What is required: Apart from the pictures, every entry should be reproduced exactly.

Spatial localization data
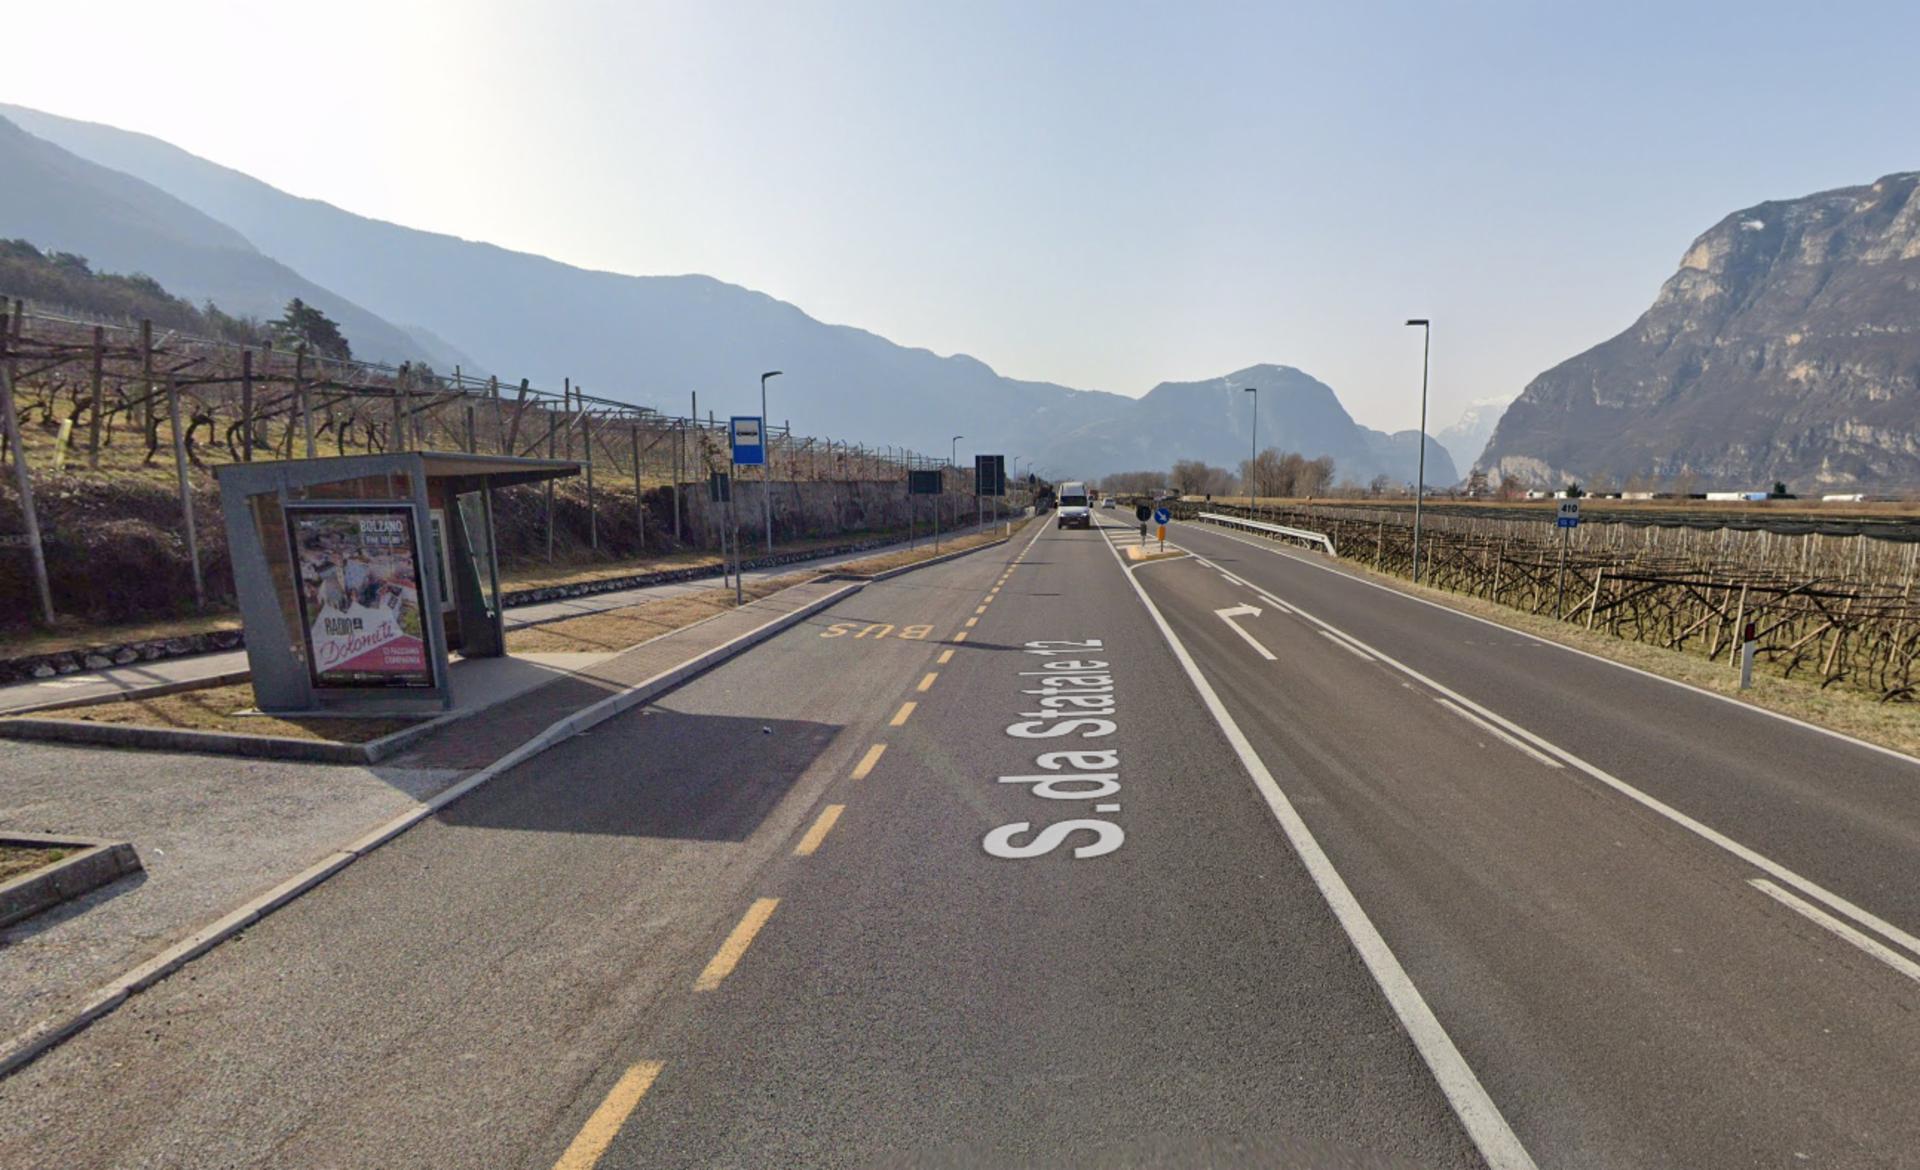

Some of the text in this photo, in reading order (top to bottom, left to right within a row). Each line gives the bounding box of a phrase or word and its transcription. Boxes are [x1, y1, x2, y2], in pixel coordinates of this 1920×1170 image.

[1561, 503, 1578, 513] 410
[360, 519, 403, 532] BOLZANO
[324, 617, 353, 636] RADIO
[820, 623, 935, 640] BUS
[320, 621, 393, 665] Dolomiti
[983, 639, 1125, 858] S.da Statale 12
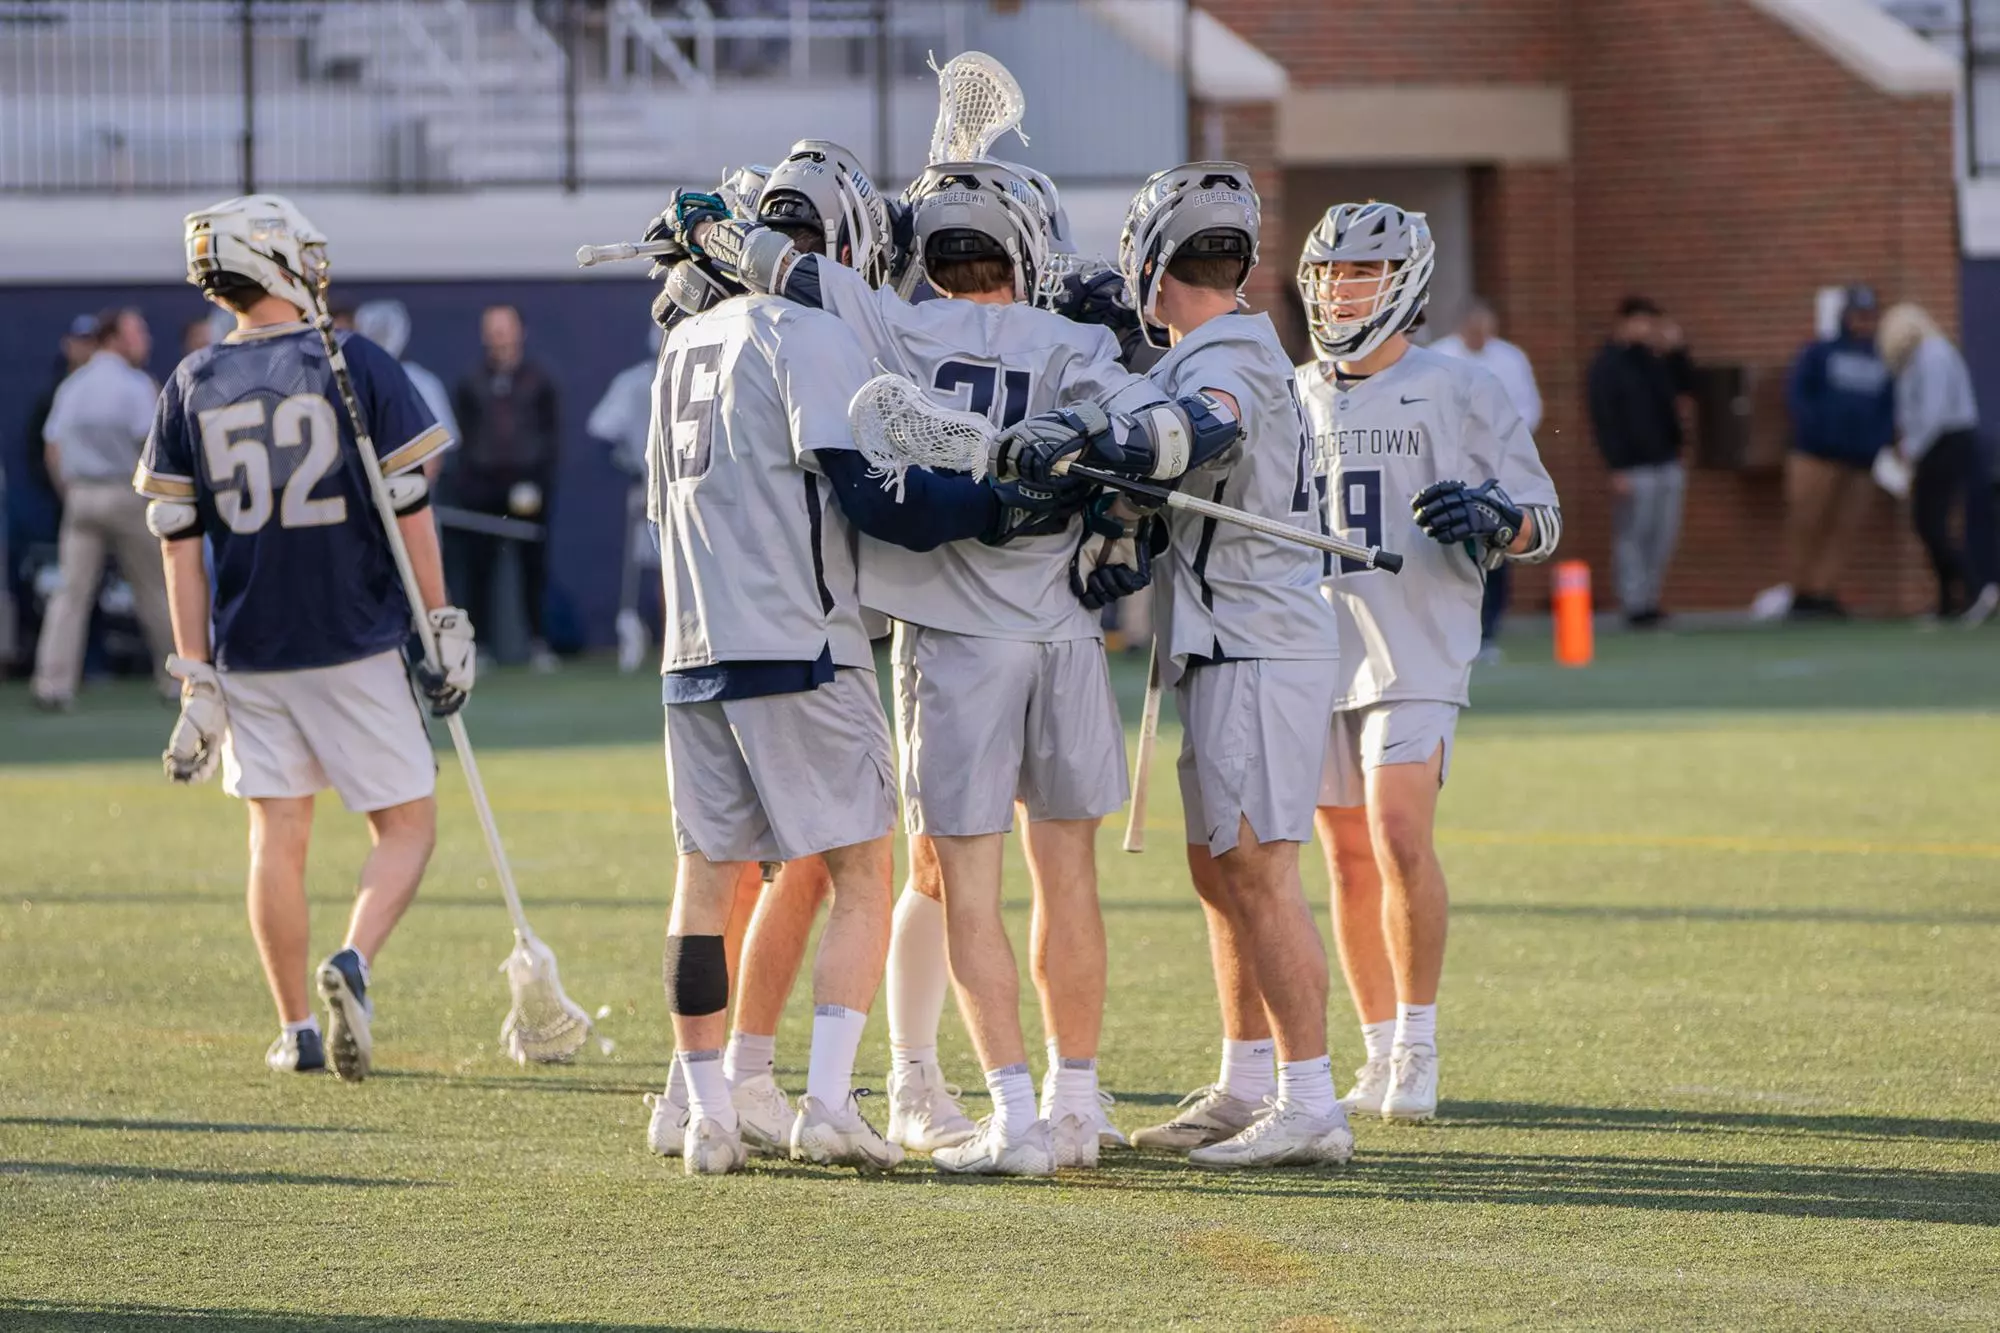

Completed task:
Some of the text in this photo, in reading order (top to bottom, left to right within a row). Each line gives the bounding box of a phrase or word and its transcription. Boxes are [x1, y1, x2, y2], in pixel coordinates of this 1920×1170 image.

[1561, 503, 1578, 513] 410
[360, 519, 403, 532] BOLZANO
[324, 617, 353, 636] RADIO
[820, 623, 935, 640] BUS
[320, 621, 393, 665] Dolomiti
[983, 639, 1125, 858] S.da Statale 12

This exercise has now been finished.